■ Task objective
The answer must reproduce every record exactly, with all pictures omitted.

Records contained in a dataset
BEGIN

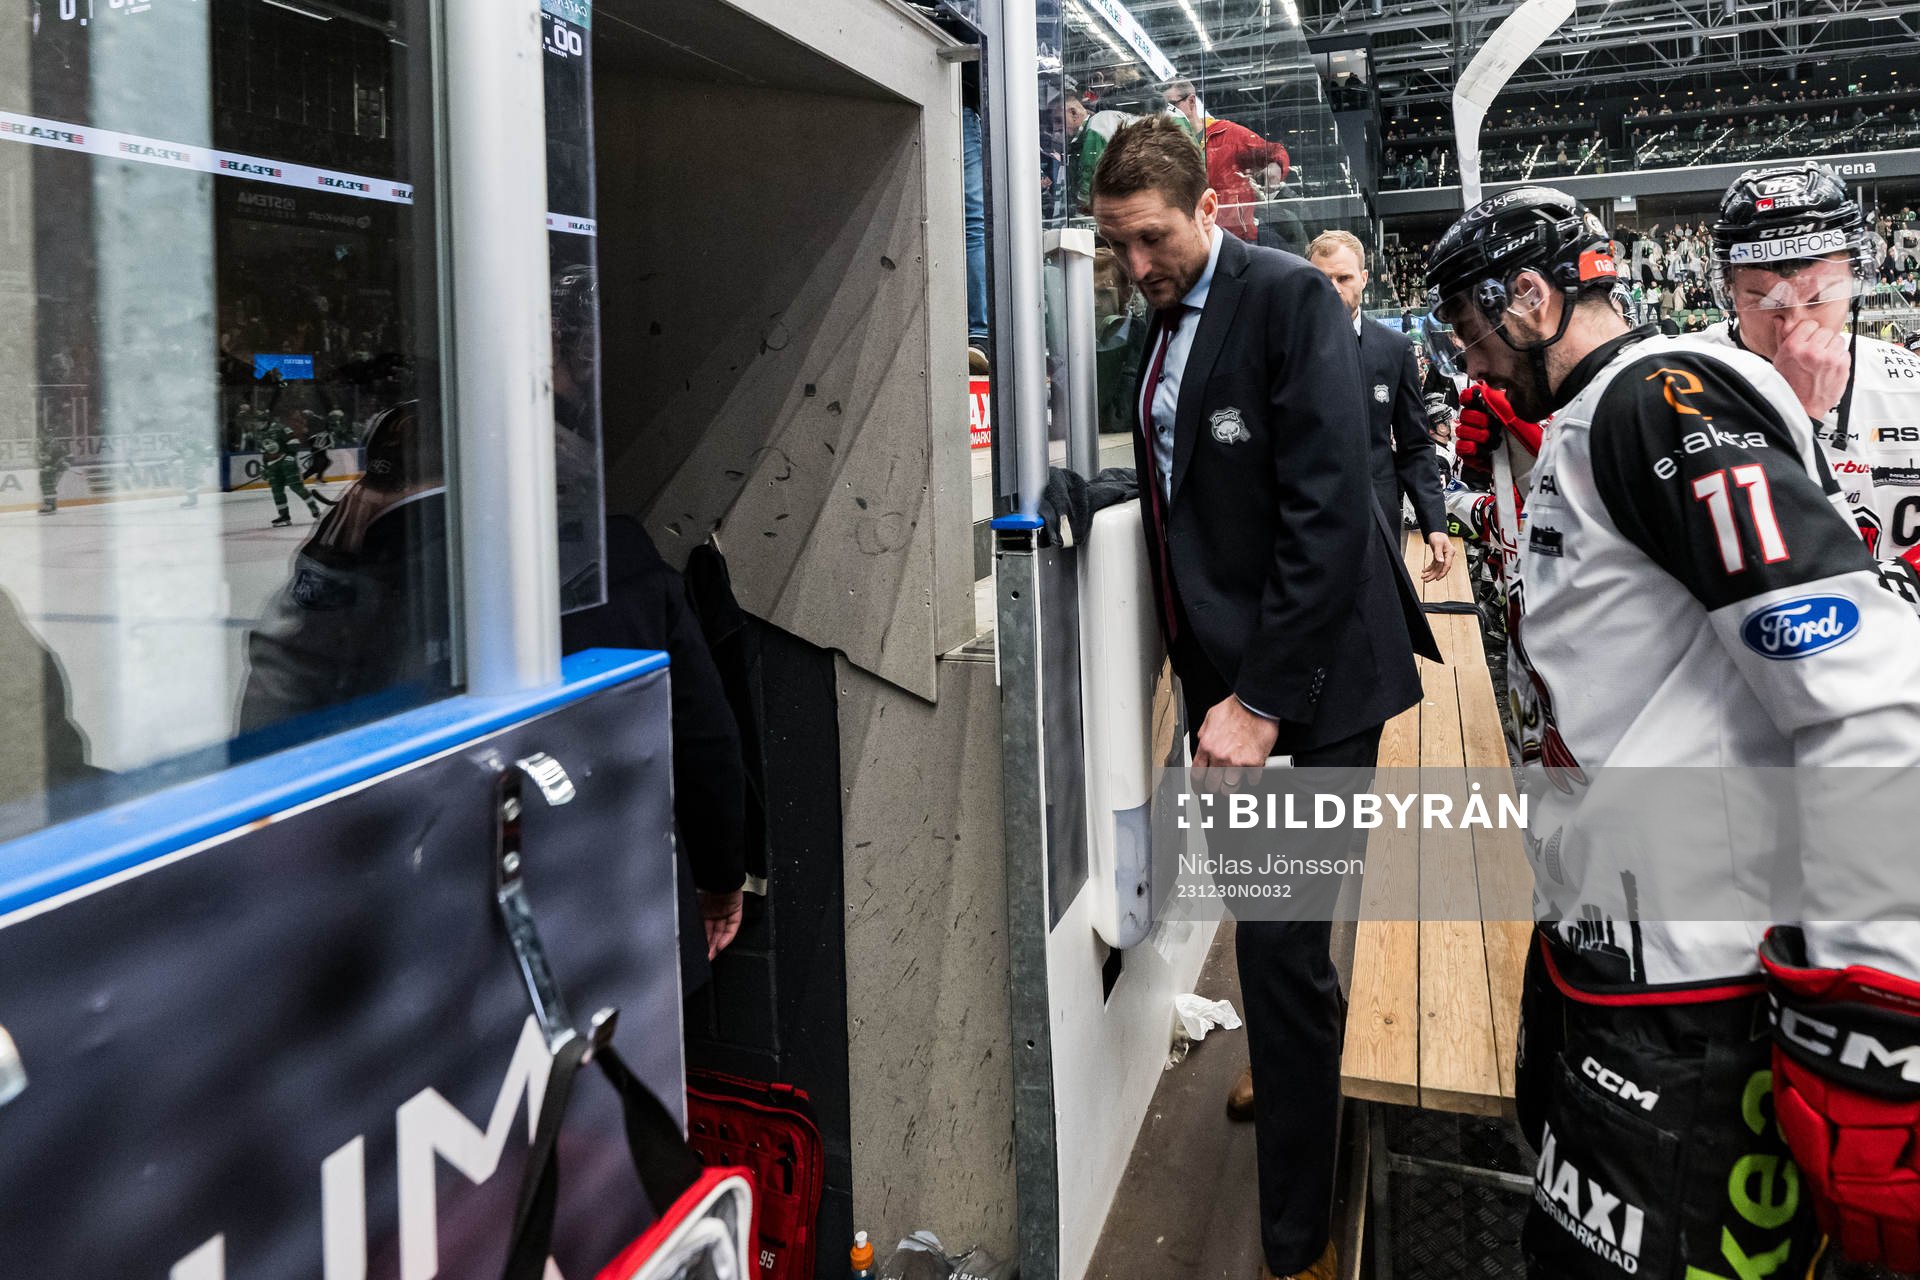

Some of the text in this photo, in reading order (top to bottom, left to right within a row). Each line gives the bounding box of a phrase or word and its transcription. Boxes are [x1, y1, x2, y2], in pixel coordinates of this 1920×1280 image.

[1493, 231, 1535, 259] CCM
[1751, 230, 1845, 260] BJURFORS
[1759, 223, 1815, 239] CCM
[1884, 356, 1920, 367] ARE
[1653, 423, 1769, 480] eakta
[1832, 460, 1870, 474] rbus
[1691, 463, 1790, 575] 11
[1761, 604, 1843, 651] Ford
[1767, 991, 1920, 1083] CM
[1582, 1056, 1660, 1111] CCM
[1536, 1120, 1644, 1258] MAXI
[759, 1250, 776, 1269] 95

END

■ Answer area
Some of the text in this photo, in reading order (top to bottom, left to right within a row). Each line gives the bounding box of a phrase or word and its transcription. Boxes are [x1, y1, x2, y2], in pixel coordinates of this 1920×1280 image.

[1493, 231, 1535, 259] CCM
[1751, 230, 1845, 260] BJURFORS
[1759, 223, 1815, 239] CCM
[1884, 356, 1920, 367] ARE
[1653, 423, 1769, 480] eakta
[1832, 460, 1870, 474] rbus
[1691, 463, 1790, 575] 11
[1761, 604, 1843, 651] Ford
[1767, 991, 1920, 1083] CM
[1582, 1056, 1660, 1111] CCM
[1536, 1120, 1644, 1258] MAXI
[759, 1250, 776, 1269] 95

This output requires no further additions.